Toute son enfance
durant, lorsqu’ils passaient en voiture du côté de Clarksburg, Jane Anne
Phillips entendit sa mère lui dire qu’ils étaient en route pour Quiet Dell (Le
Vallon Tranquille »). Un drôle de vallon, en fait, qui fit la une de
l’actualité au début des années trente. C’est là, en effet, que furent
déterrées cinq des victimes du premier tueur en série jamais découvert et
arrêté aux Etats-Unis après qu’il les eut méthodiquement affamées et
sauvagement assassinées à l’abri d’une grange qui devint le symbole de
l’horreur.
Un fait divers
qui marqua profondément la mère de l’auteur que les parents, à l’image de
milliers d’autres, amenèrent sur place contempler les lieux de l’indicible pour
une Amérique puritaine, plongée dans les affres de la Grande Dépression et
encore sous le coup de la Prohibition.
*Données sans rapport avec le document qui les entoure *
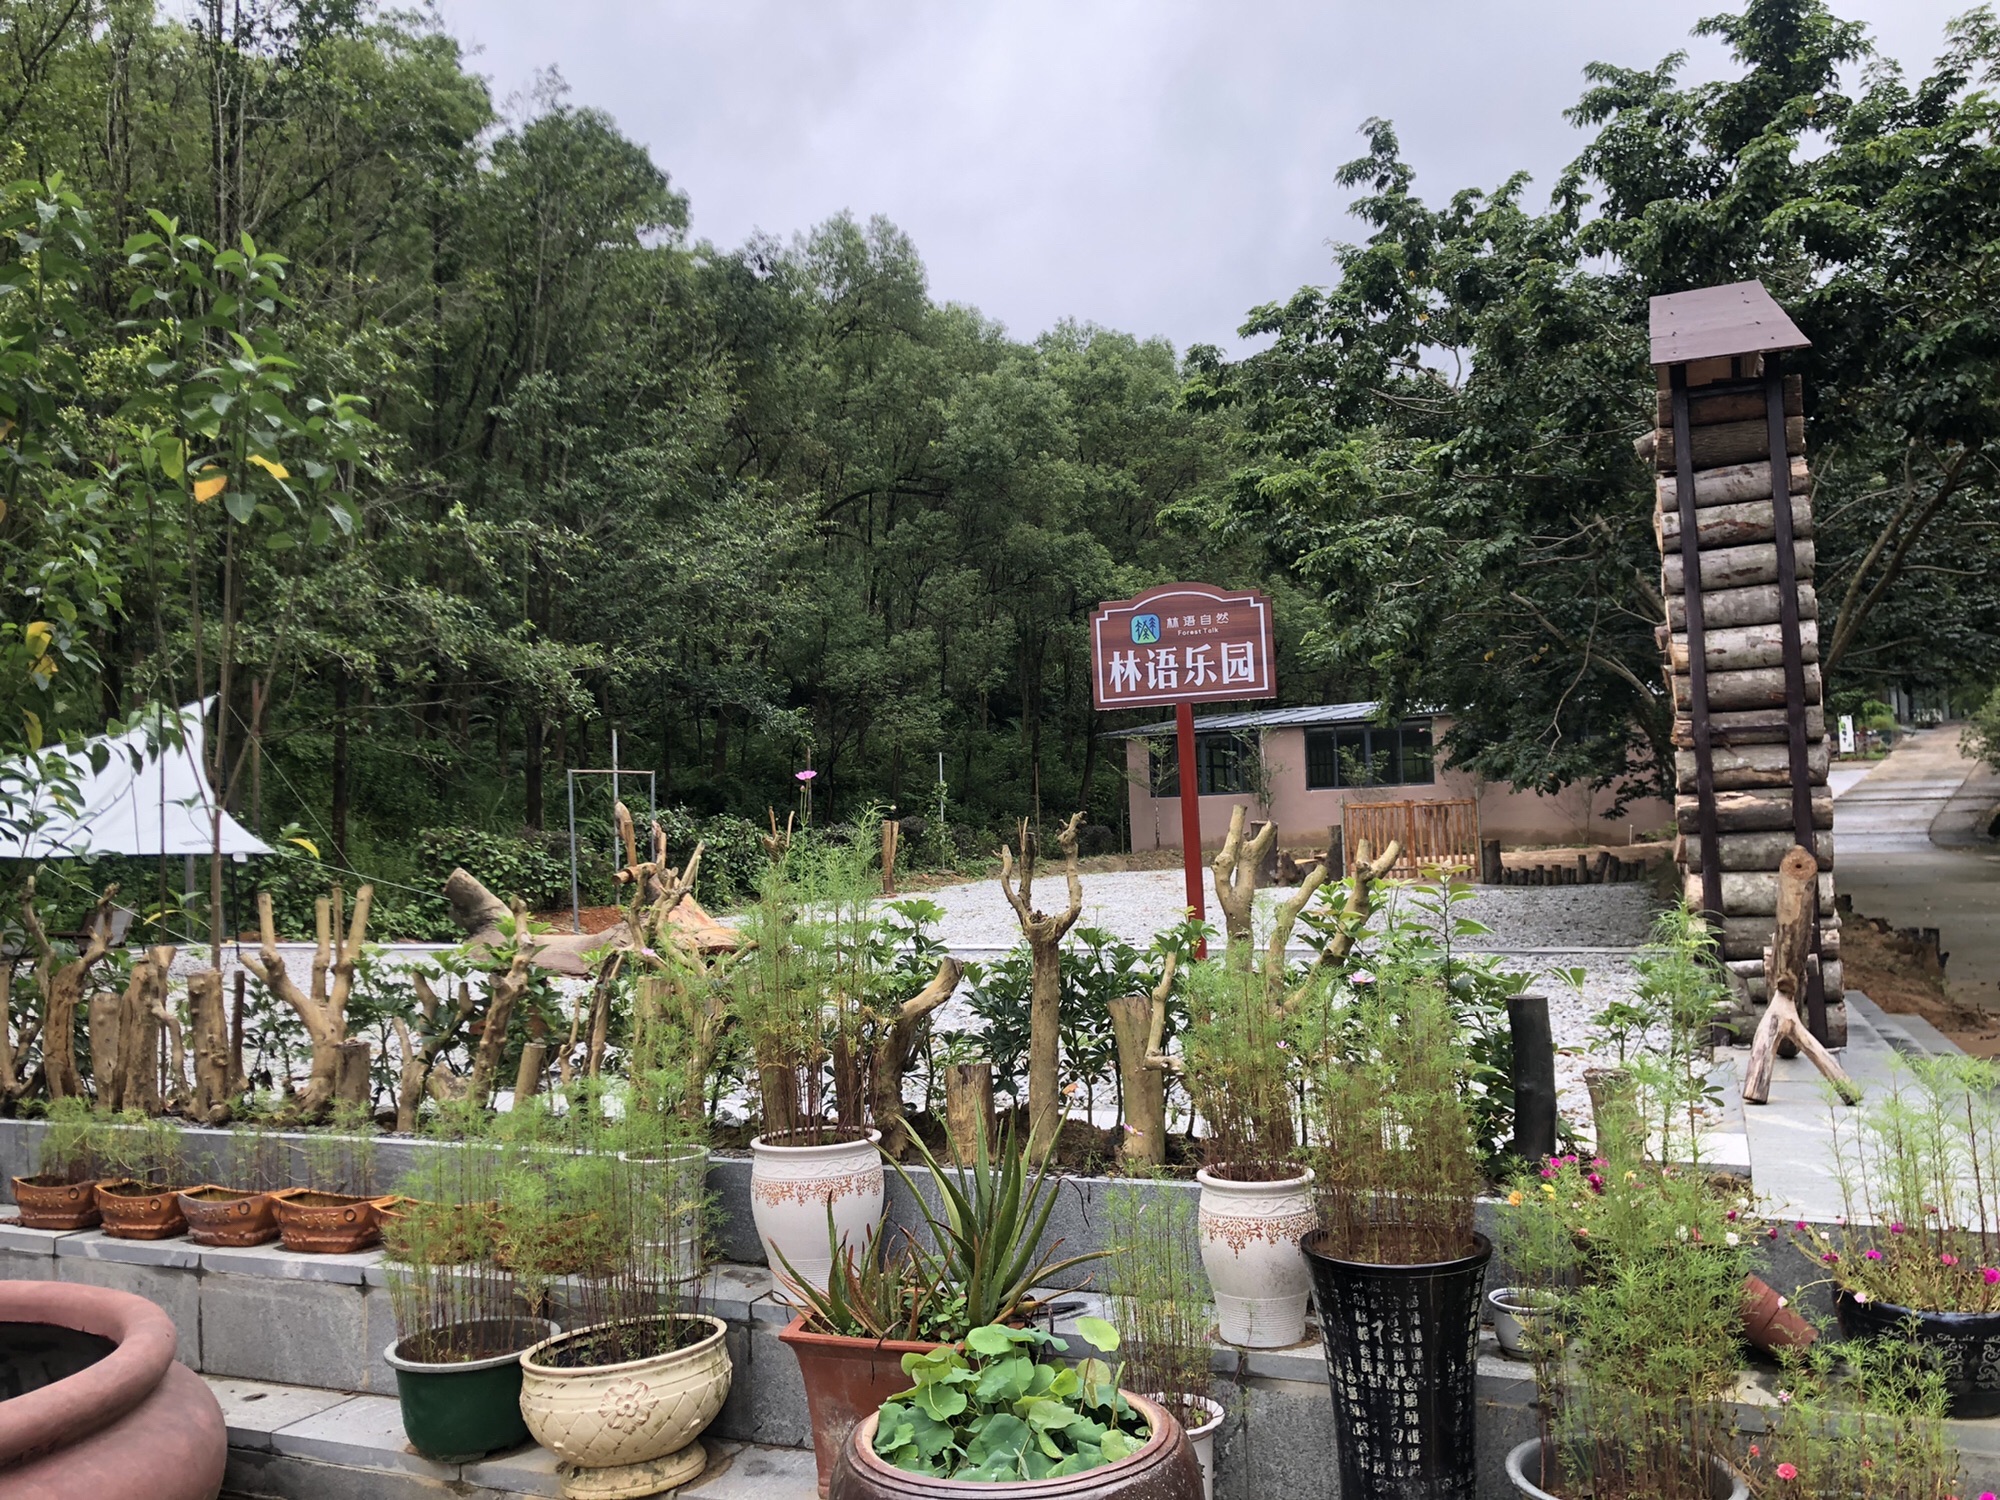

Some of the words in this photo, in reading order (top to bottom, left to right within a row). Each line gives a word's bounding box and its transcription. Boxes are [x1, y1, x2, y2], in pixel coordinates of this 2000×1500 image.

[1166, 612, 1229, 629] 林语自然
[1108, 641, 1255, 693] 林语乐园
Un lieu où la fureur populaire, faute de
pouvoir se transformer en lynchage en bonne et due forme du serial killer, prit
la forme d’un démontage systématique des lieux immédiatement revendus sous
forme de souvenirs morbides aux badauds venus d’un peu partout tenter de
comprendre l’indicible et se faire peur à bon compte.
Cette affaire fut
tellement célèbre aux USA qu’elle inspira directement le film « La nuit du
chasseur » de Charles Laughton.
Comme souvent,
derrière le tueur froid et méthodique se cachait un bonhomme affable et
indétectable. Un émigré hollandais parlant un Anglais parfait sans la moindre
tâche d’accent. Un homme aux identités multiples se faisant passer pour un
riche propriétaire terrien, veuf, à la recherche d’une nouvelle compagne.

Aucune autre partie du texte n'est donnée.